[Extracted records]
┌──
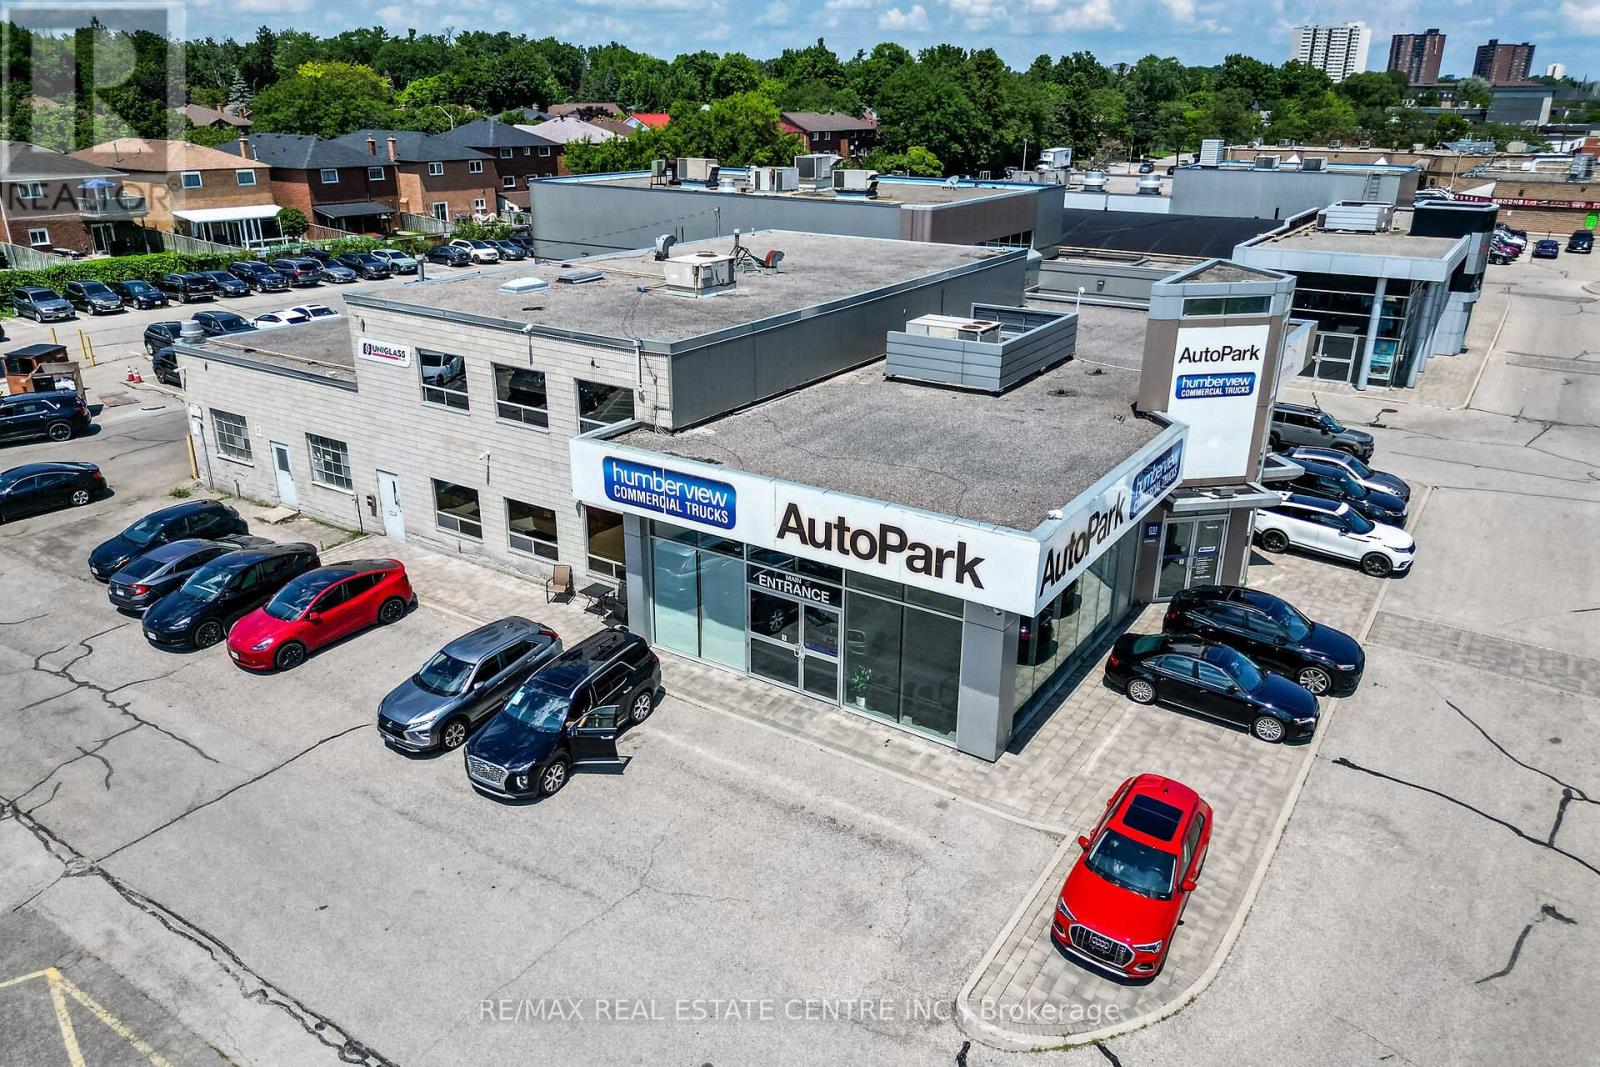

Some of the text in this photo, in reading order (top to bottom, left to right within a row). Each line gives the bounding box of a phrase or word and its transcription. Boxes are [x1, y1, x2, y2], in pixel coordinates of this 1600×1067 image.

[372, 345, 406, 358] UNIGLASS
[1178, 344, 1261, 364] AutoPark
[1181, 376, 1252, 389] humberview
[1181, 386, 1250, 398] COMMERCIAL TRUCKS
[612, 461, 728, 508] humberview
[613, 484, 729, 524] COMMERCIAL TRUCKS
[776, 501, 985, 590] AutoPark
[1038, 491, 1127, 599] AutoPark
[758, 573, 830, 604] ENTRANCE
[785, 574, 802, 584] MAIN
└──
Set down every entry exactly; omit the pictures.

- [RESULT FOR THIS TASK]:
Some of the text in this photo, in reading order (top to bottom, left to right within a row). Each line gives the bounding box of a phrase or word and its transcription. Boxes are [x1, y1, x2, y2], in pixel coordinates of this 1600×1067 image.

[372, 345, 406, 358] UNIGLASS
[1178, 344, 1261, 364] AutoPark
[1181, 376, 1252, 389] humberview
[1181, 386, 1250, 398] COMMERCIAL TRUCKS
[612, 461, 728, 508] humberview
[613, 484, 729, 524] COMMERCIAL TRUCKS
[776, 501, 985, 590] AutoPark
[1038, 491, 1127, 599] AutoPark
[758, 573, 830, 604] ENTRANCE
[785, 574, 802, 584] MAIN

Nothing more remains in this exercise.